The RCMP confirmed on Monday the two bodies found in northern Manitoba last week belong to the two young men who triggered a nation-wide manhunt, and that they had committed suicide.
“The RCMP can also confirm that the two died in what appears to be suicides by gunfire,” said BC RCMP spokesperson Dawn Roberts in a news release, following autopsies by the medical examiner in Manitoba.
Kam McLeod, 19, and Bryer Schmegelsky, 18, both of Port Alberni, had been on the run after they were declared suspects in the deaths of 64-year-old Leonard Dyck, a botany lecturer at UBC, and tourist couple Chynna Deese, 24, of North Carolina, and Lucas Fowler, 24, of Australia.
Two guns were found with the bodies, Roberts added. Forensic analysis is underway to confirm whether they’re the same weapons used in the northern B.C. killings.
Dyck’s body was discovered near a highway pullout near Dease Lake on July 19, close to a torched vehicle that police said McLeod and Schmegelsky had been driving. Their families said they left Port Alberni to look for work in the Yukon. The pair had been charged with second-degree murder in Dyck’s death.

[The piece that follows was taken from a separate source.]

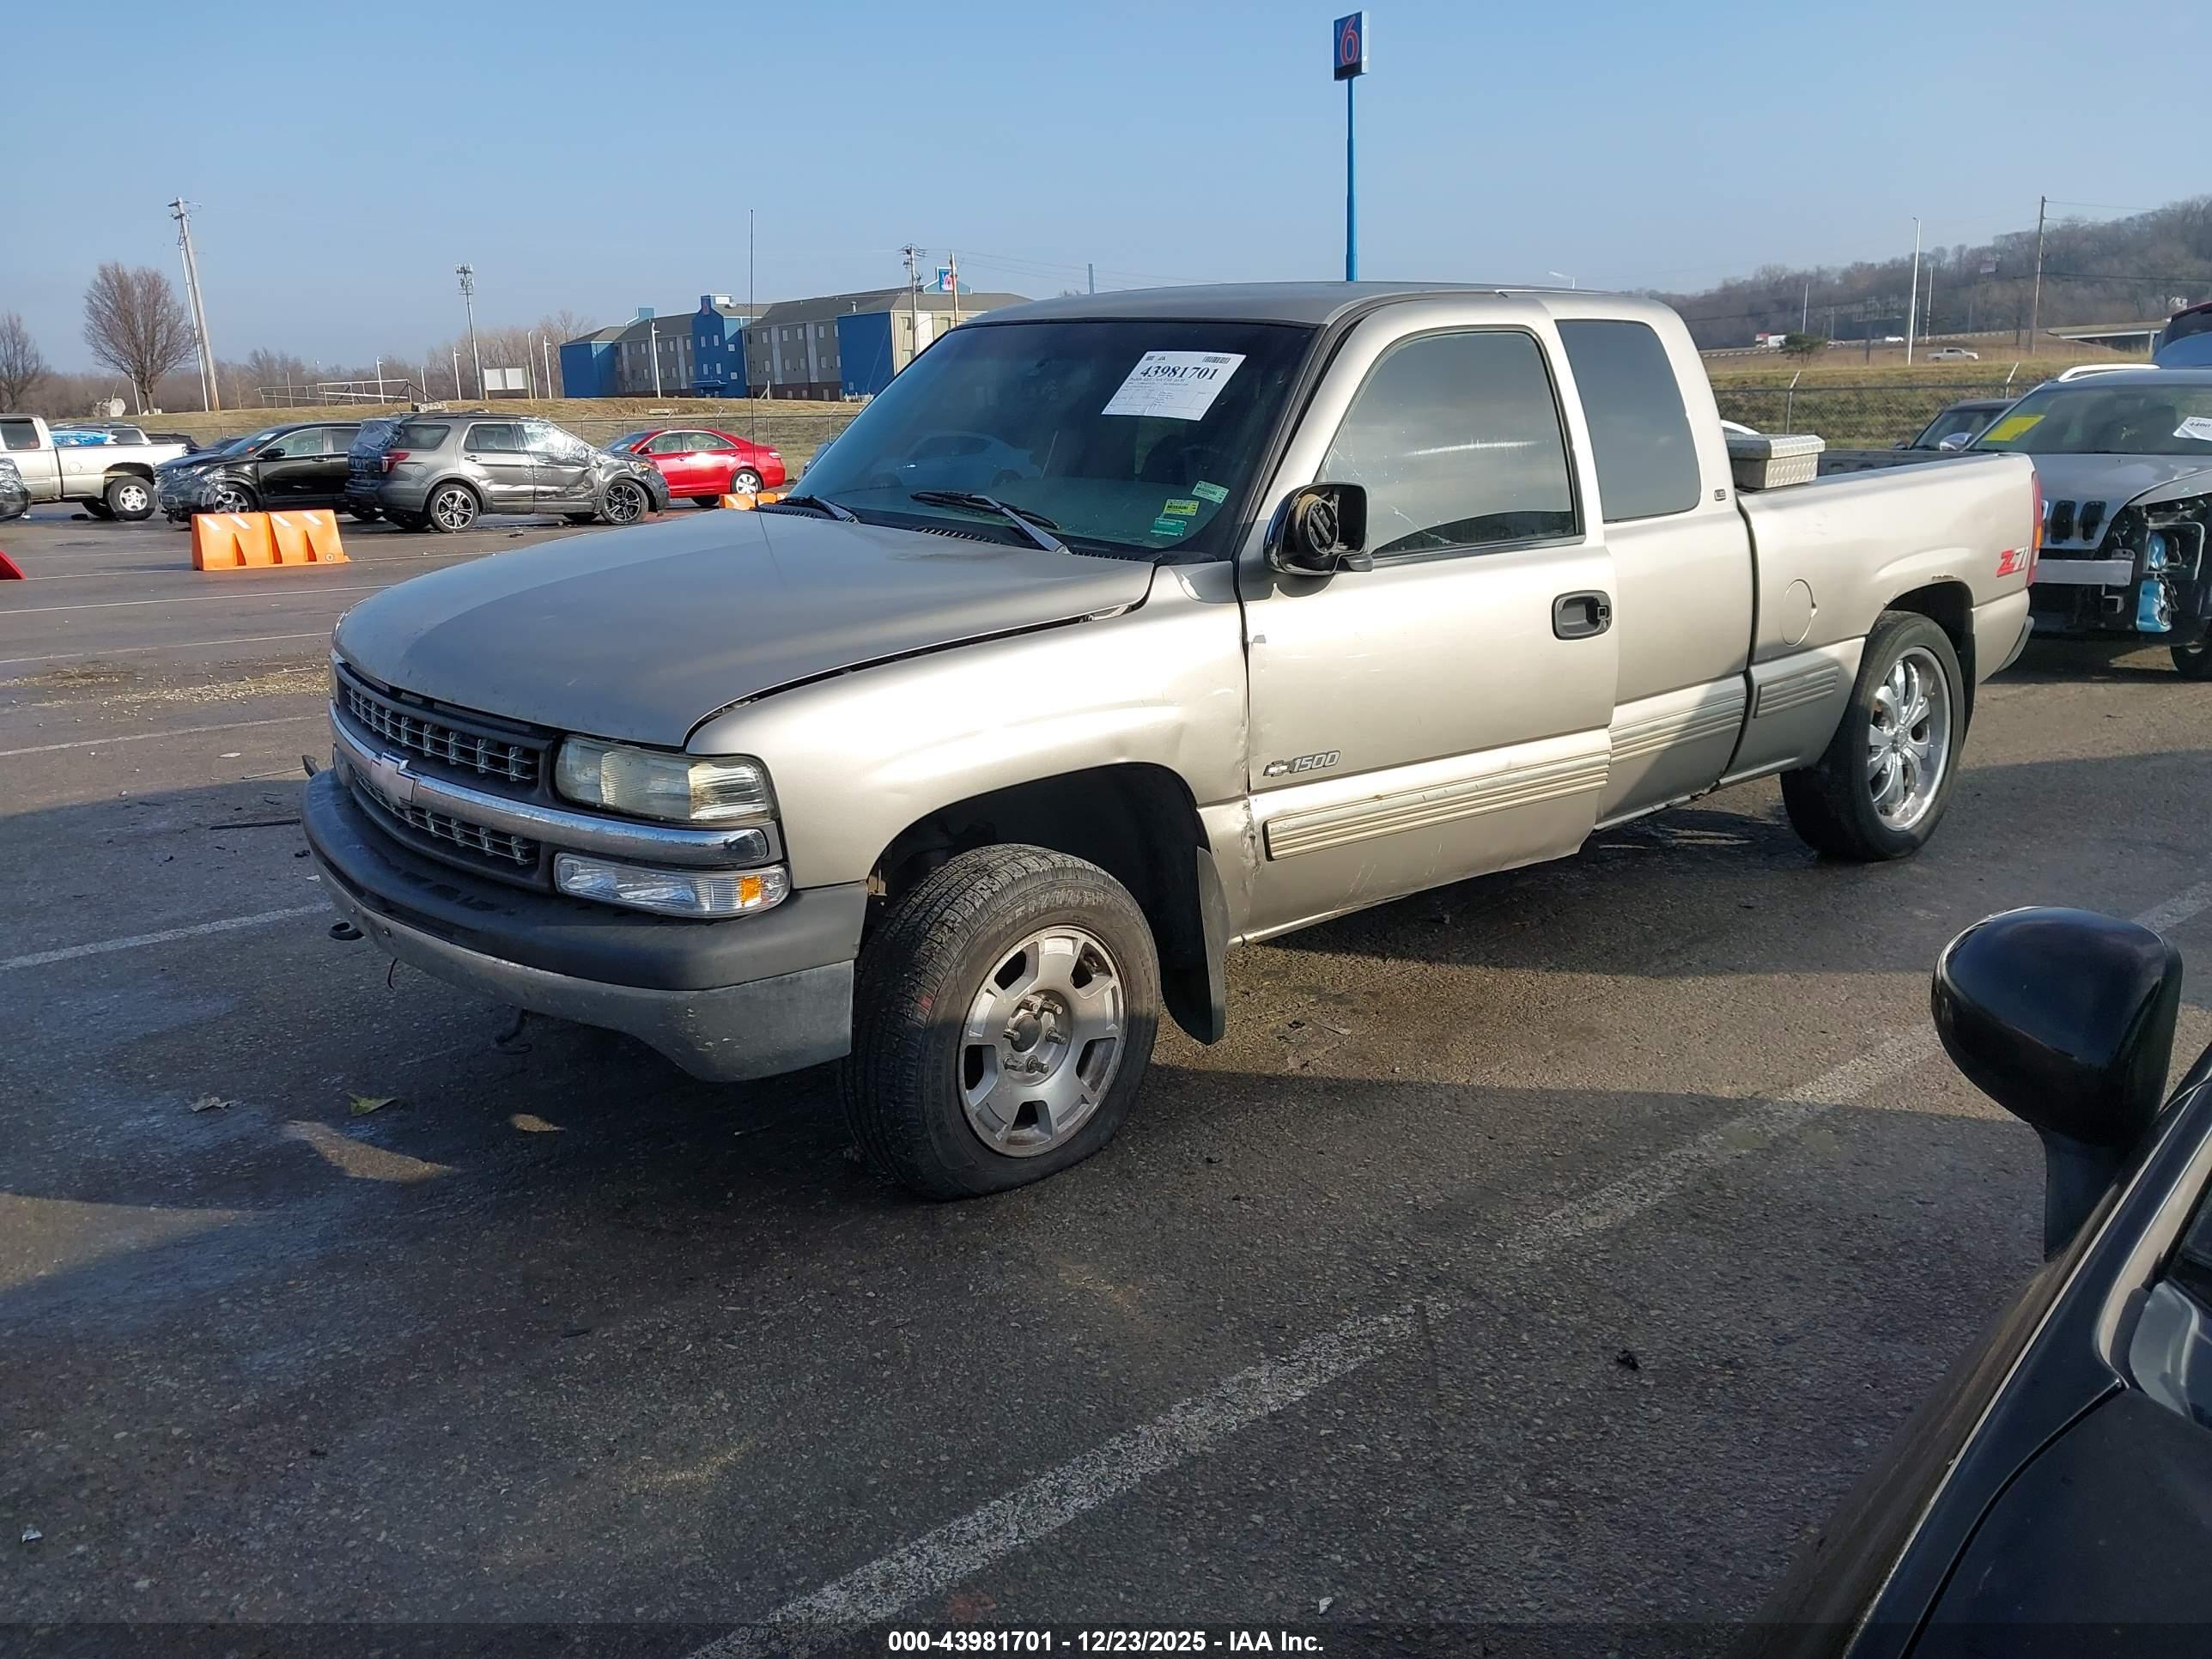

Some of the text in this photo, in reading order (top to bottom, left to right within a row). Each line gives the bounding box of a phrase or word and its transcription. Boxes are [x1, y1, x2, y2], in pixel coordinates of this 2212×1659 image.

[1340, 15, 1359, 65] 6
[1140, 365, 1219, 380] 43981701
[1996, 546, 2029, 577] Z71
[1292, 750, 1341, 774] 1500

Deese and Fowler were found shot to death on Highway 97 near Liard Hot Springs on July 15.
The fugitives had been dead for multiple days by the time they were found, Roberts said, but the exact time of death is not clear. It does appear, however, that they had been alive for a few days since the last confirmed sighting of them near Gillam, Man., on July 22.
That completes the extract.